* [Data excerpts]:

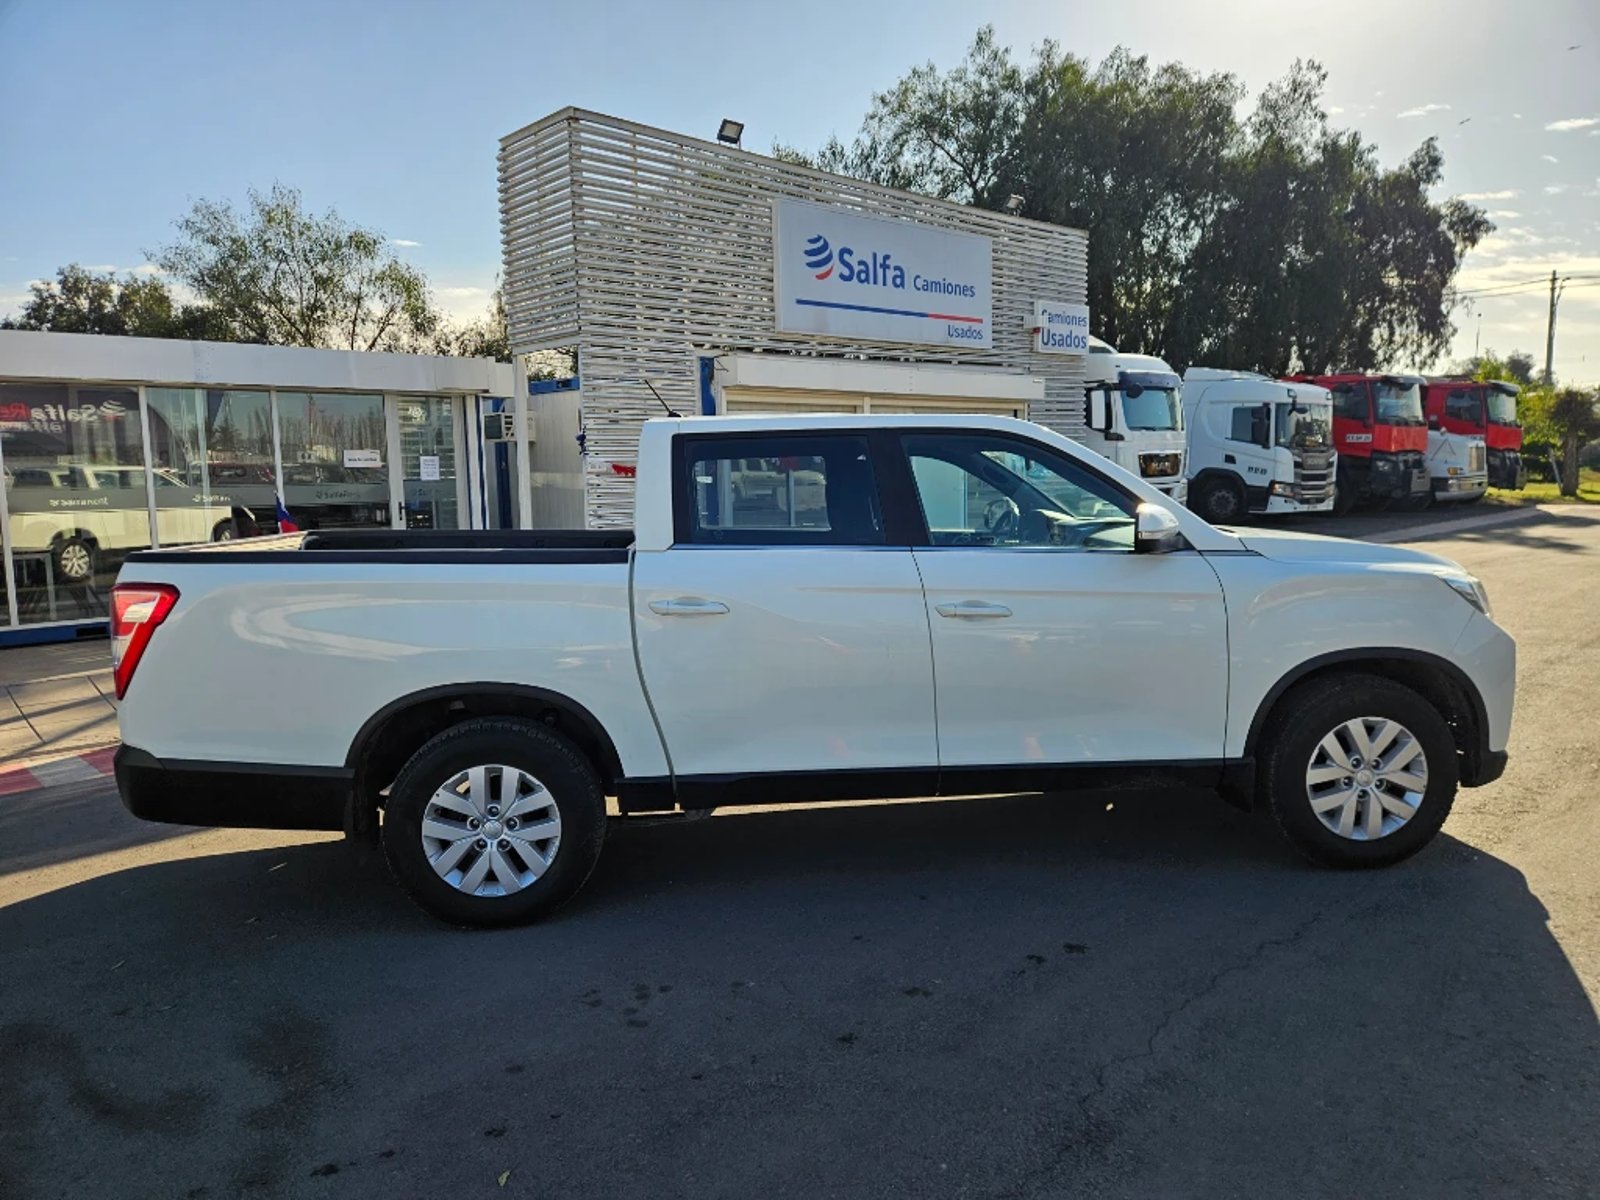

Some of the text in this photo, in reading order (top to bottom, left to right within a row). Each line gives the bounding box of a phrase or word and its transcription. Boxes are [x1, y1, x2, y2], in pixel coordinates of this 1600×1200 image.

[838, 246, 976, 298] Salfa Camiones
[947, 324, 984, 340] Usados
[1041, 327, 1087, 349] Usados
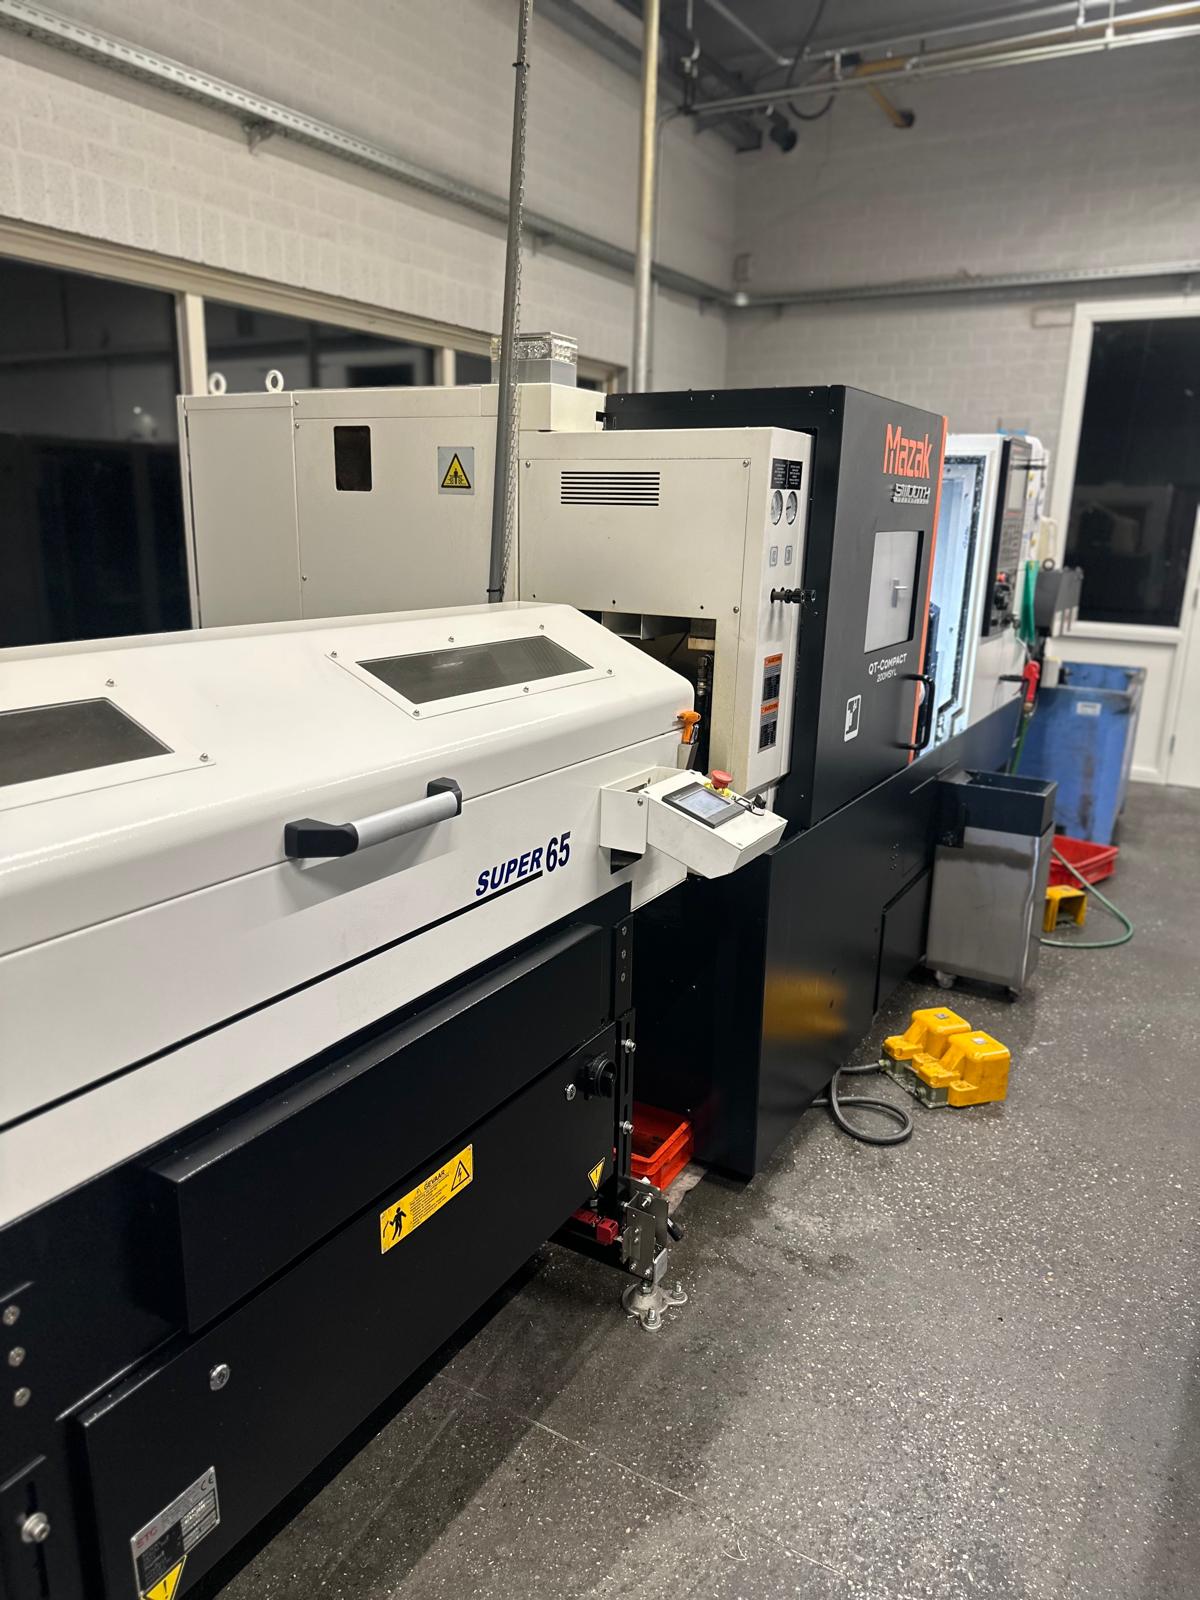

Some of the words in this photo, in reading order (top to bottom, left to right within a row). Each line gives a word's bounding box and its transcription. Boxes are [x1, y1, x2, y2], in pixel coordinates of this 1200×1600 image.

[883, 423, 932, 479] Mazak
[868, 653, 907, 675] QT-COMPACT
[475, 847, 543, 896] SUPER
[546, 831, 571, 872] 65

* [The task]: Once the pictures are set aside, write out the entries verbatim.

* [Written response]:
Some of the text in this photo, in reading order (top to bottom, left to right within a row). Each line gives the bounding box of a phrase or word and its transcription. Boxes are [x1, y1, x2, y2], in pixel coordinates of this 1600×1200 image.

[838, 246, 976, 298] Salfa Camiones
[947, 324, 984, 340] Usados
[1041, 327, 1087, 349] Usados

Some of the words in this photo, in reading order (top to bottom, left to right within a row). Each line gives a word's bounding box and its transcription. Boxes are [x1, y1, x2, y2], in pixel coordinates of this 1200×1600 image.

[883, 423, 932, 479] Mazak
[868, 653, 907, 675] QT-COMPACT
[475, 847, 543, 896] SUPER
[546, 831, 571, 872] 65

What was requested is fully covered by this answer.